Books that should not exist #1: "Winning Lotto/Lottery for Everyday players, 3rd edition"

The printing press has been hailed as the most important invention in history, allowing smarter people to share their ideas with other less smart people. Unfortunately one of the ideas they shared was "printing presses" and since then the device has been abused to wreak such horrors as to make nuclear power look like an innocent and harmless kitten-based technology. In this series I'll be looking at books so hideously opposed to the idea of knowledge that every time one is sold, a scientist loses his lab coat.

"Winning Lotto/Lottery for Everyday players, 3rd edition" by Professor Jones


This book contains enough compressed illogic and falsehood to erase all scientific learning back as far as the middle ages. The only thing preventing this nightmare of stupidity from returning us to medieval times is the army of idiotic lotto players reading them, placing the barrier of their own knowledge-impermeable brains between the book and the world, preventing education and the "Anti-knowledge" in this monstrosity from wiping each other out.

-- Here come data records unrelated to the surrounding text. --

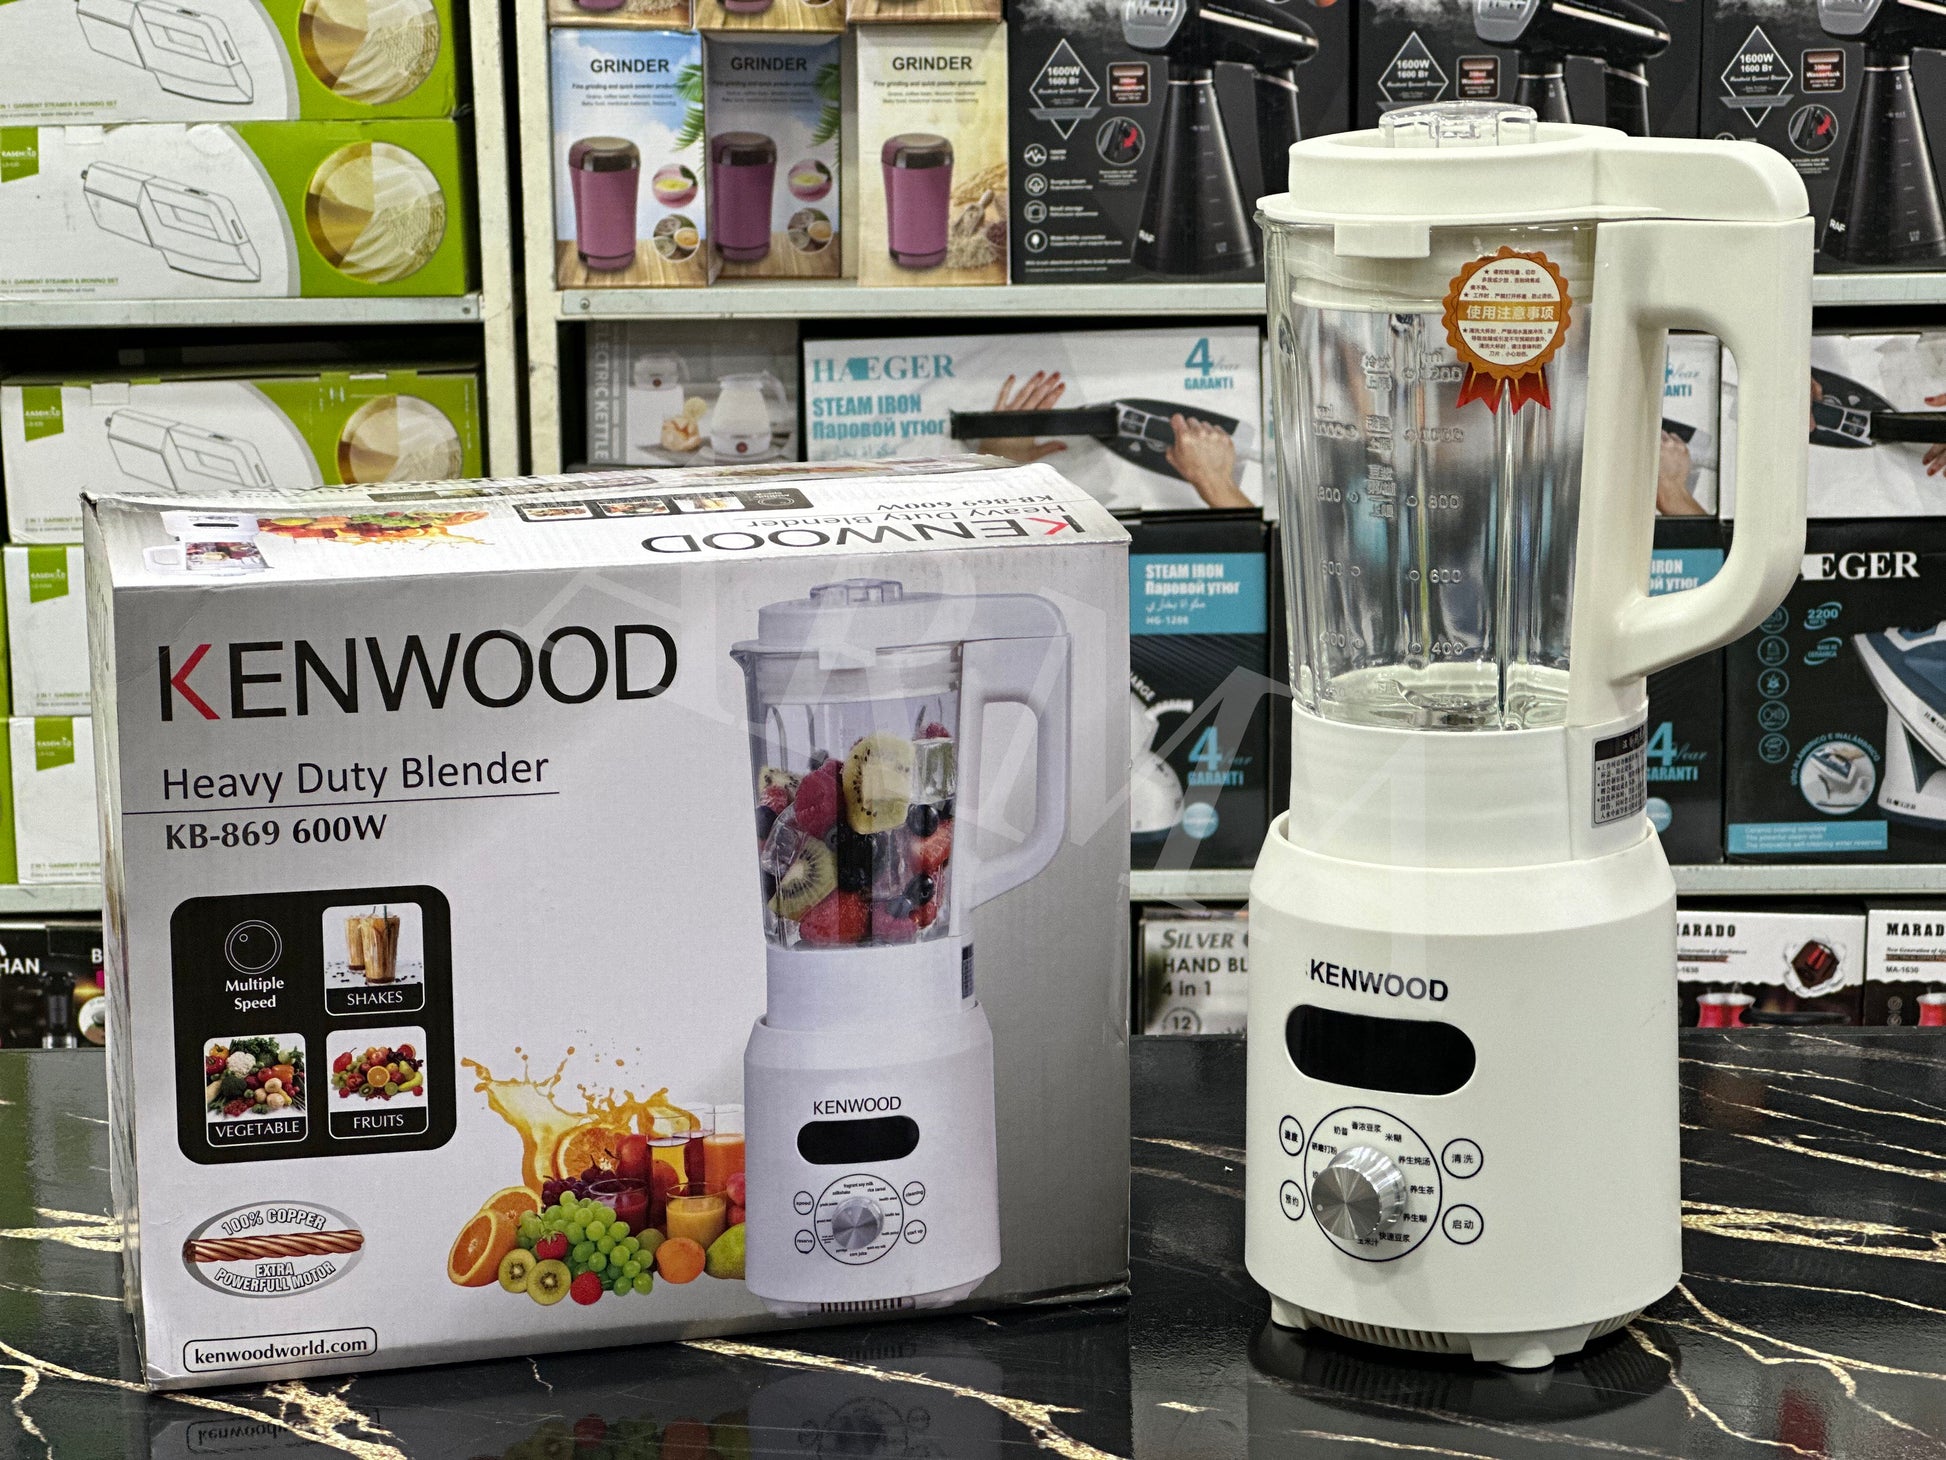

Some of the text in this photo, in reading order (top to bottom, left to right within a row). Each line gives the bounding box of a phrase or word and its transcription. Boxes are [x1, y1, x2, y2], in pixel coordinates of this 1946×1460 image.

[590, 58, 670, 73] GRINDER
[730, 57, 808, 71] GRINDER
[892, 56, 973, 71] GRINDER
[1397, 59, 1430, 69] 1600W
[1740, 53, 1774, 63] 1600W
[1047, 65, 1081, 76] 1600W
[1740, 64, 1760, 73] 1600
[1829, 218, 1846, 232] RAF
[1466, 304, 1554, 320] 使用注意事项
[1185, 336, 1214, 376] 4
[813, 354, 956, 382] HAEGER
[1184, 377, 1234, 390] GARANTI
[1665, 384, 1692, 397] ANTI
[813, 393, 922, 417] STEAM IRON
[813, 417, 946, 440] Паровой утюг
[877, 499, 945, 512] 600W
[748, 504, 1066, 528] Heavy Duty Blender
[641, 513, 1087, 553] KENWOOD
[1145, 563, 1224, 579] STEAM IRON
[1429, 568, 1462, 583] 600
[1207, 581, 1240, 597] утюг
[1807, 608, 1839, 620] 2200
[1431, 641, 1464, 655] 400
[158, 623, 678, 721] KENWOOD
[1187, 726, 1223, 771] 4
[1647, 721, 1678, 767] 4
[163, 750, 549, 803] Heavy Duty Blender
[1188, 770, 1245, 786] GARANTI
[165, 814, 388, 850] KB-869 600W
[1163, 957, 1221, 973] HAND
[225, 976, 284, 993] Multiple
[1310, 958, 1449, 1001] KENWOOD
[1162, 980, 1211, 996] 4 in 1
[234, 995, 276, 1012] Speed
[347, 991, 403, 1006] SHAKES
[1173, 1016, 1192, 1030] 12
[813, 1096, 902, 1116] KENWOOD
[215, 1120, 300, 1138] VEGETABLE
[353, 1114, 404, 1129] FRUITS
[1351, 1121, 1382, 1133] 香浓豆浆
[1385, 1133, 1402, 1143] 米糊
[1451, 1154, 1474, 1164] 清洗
[905, 1190, 924, 1198] cleaning
[1409, 1185, 1435, 1195] 养生茶
[221, 1208, 327, 1236] 100% COPPER
[1403, 1213, 1428, 1224] 养生糊
[1452, 1219, 1474, 1230] 启动
[1379, 1231, 1410, 1243] 快速豆浆
[215, 1261, 336, 1292] POWERFULL MOTOR
[255, 1262, 294, 1277] EXTRA
[195, 1339, 367, 1364] kenwoodworld.com
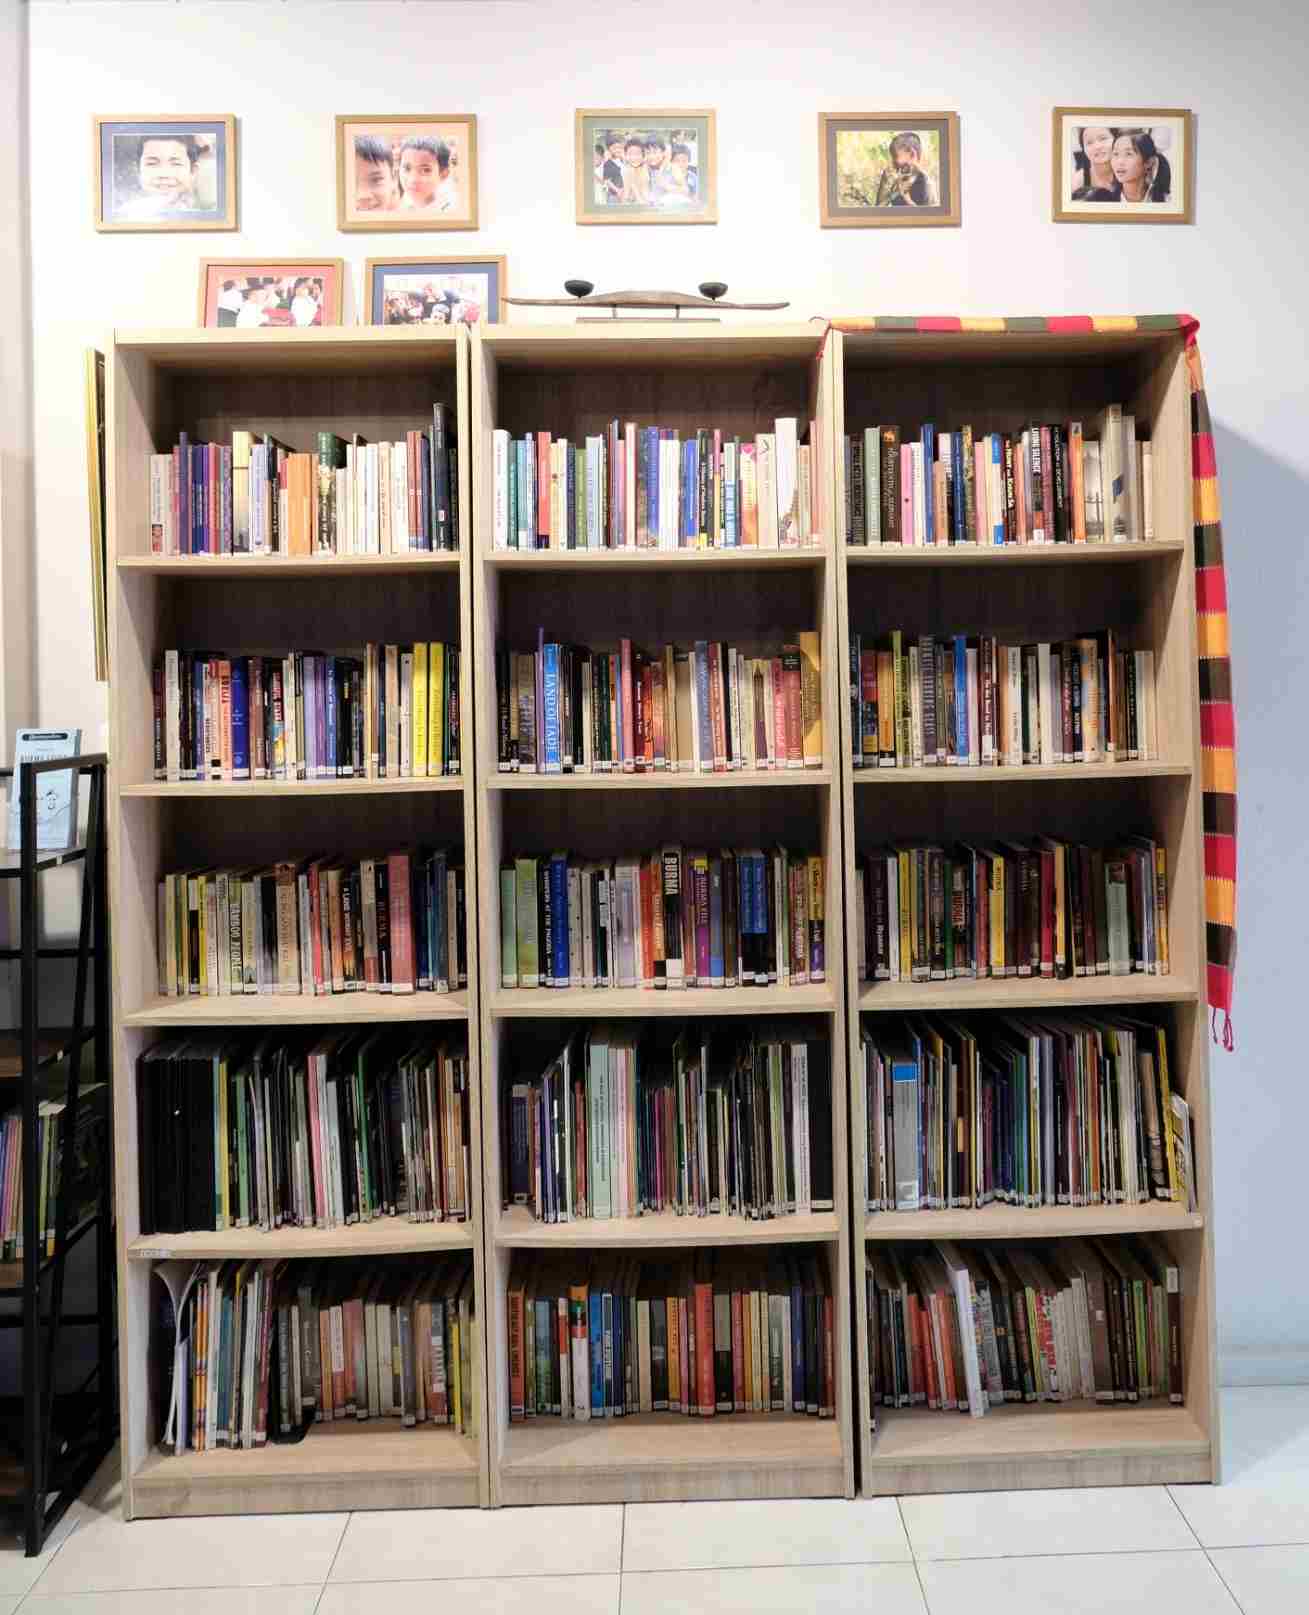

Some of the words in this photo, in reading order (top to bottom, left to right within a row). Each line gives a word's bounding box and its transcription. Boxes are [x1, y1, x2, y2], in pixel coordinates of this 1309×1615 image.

[1032, 428, 1041, 448] LIVING
[1032, 448, 1041, 473] SILENCE
[545, 673, 557, 706] LAND
[546, 708, 557, 721] OF
[664, 858, 678, 896] BURMA
[231, 903, 241, 938] BAMBOO
[231, 941, 241, 971] PEOPLE
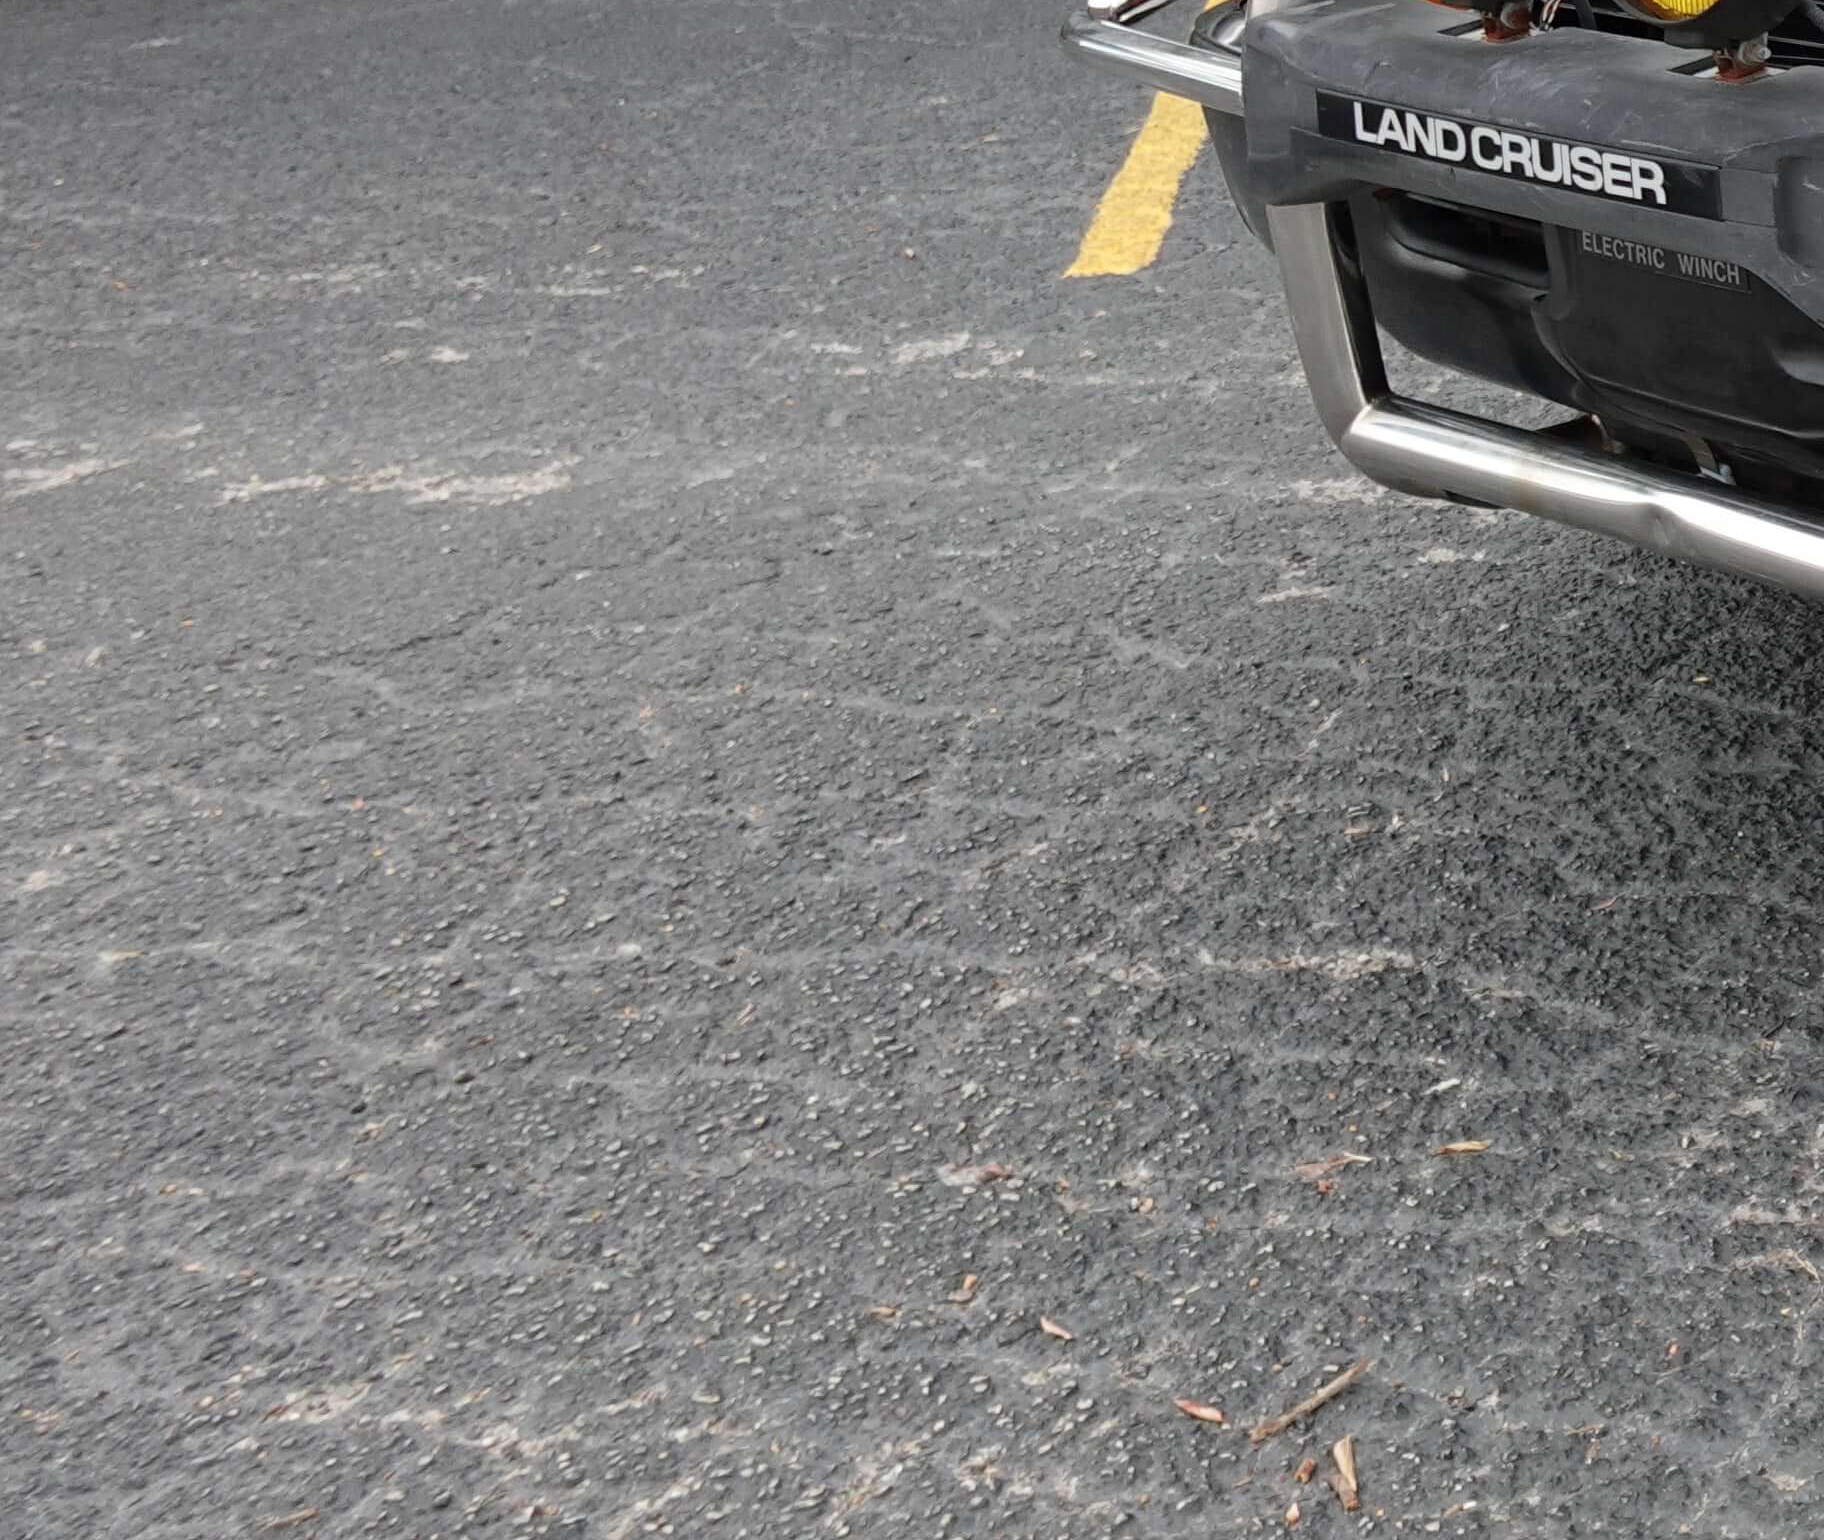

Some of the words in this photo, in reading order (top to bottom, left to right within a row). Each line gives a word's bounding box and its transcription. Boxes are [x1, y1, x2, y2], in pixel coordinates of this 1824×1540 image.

[1353, 101, 1467, 163] LAND
[1470, 126, 1667, 206] CRUISER
[1582, 231, 1666, 271] ELECTRIC
[1677, 252, 1741, 286] WINCH

I read some of the book, but to save you from the same dangerous level of exposure the title alone proves the retardedness of everyone who's even touched this book four times over:

  1. They had to write both Lotto and Lottery on the cover, for fear of missing half of their target market. "Dur, this book is for lott-e-ry, dat sounds more fancier than the lotto we simple folk play round these parts"
  2. The use of "everyday players" conjures the absurd vision that lives in the minds of the target market, that they are mere regular players while a secret cabal of professionals keep scooping all the jackpots. Why, if only they had access to some kind of inside knowledge they could make it too!
  3. The existence of the book. It's a point so astoundingly crystal clear that it's dismissed as a cliche, but if the writer wasn't lying then he wouldn't be writing the book. Many scams are revealed by fact checking, or odd requests for money, or even a lack of spelling - this is some kind of meta ur-scam, proved false purely by it's own existence. If I had access to secret lottery-winning strategies the only book I'd publish is a solid gold tablet entitled "Why it's awesome being me (with special contact information for triplet cheerleaders interested in discussing nudity on a yacht)"
  4. 3rd. Goddamn. Edition. I have no idea what possible refinements to lotto-winning technology the author could be adding each time, short of scribbling "hahaha, oh god this is working I can't believe it's working" all over the proof copy before sending it back to the printers. A third edition of anything hasn't damaged my faith in humanity so much since the Daily Mail ran their "Princess Diana - still dead" memorial in 2000.
If you can get past the title, the back-cover blurb is an even richer treasure trove of anti-logic weaponry designed purely to annoy anybody capable of thought. Though we may be able to use them to confuse the machines once they take over. Professor Smith proudly claims to have designed dozens of lotto-predicting programs, another sanity-shattering "the very fact I can make twenty proves they're all crap" claim, before promising to reveal the secrets of interpreting your dreams for winning lotto numbers. I hate to break it to you but if the best your conscious mind can come up with is "buy a book about how to win the lotto written by someone who has not done so", then your unconscious is unlikely to be some unharnessed money making probability superpredictor.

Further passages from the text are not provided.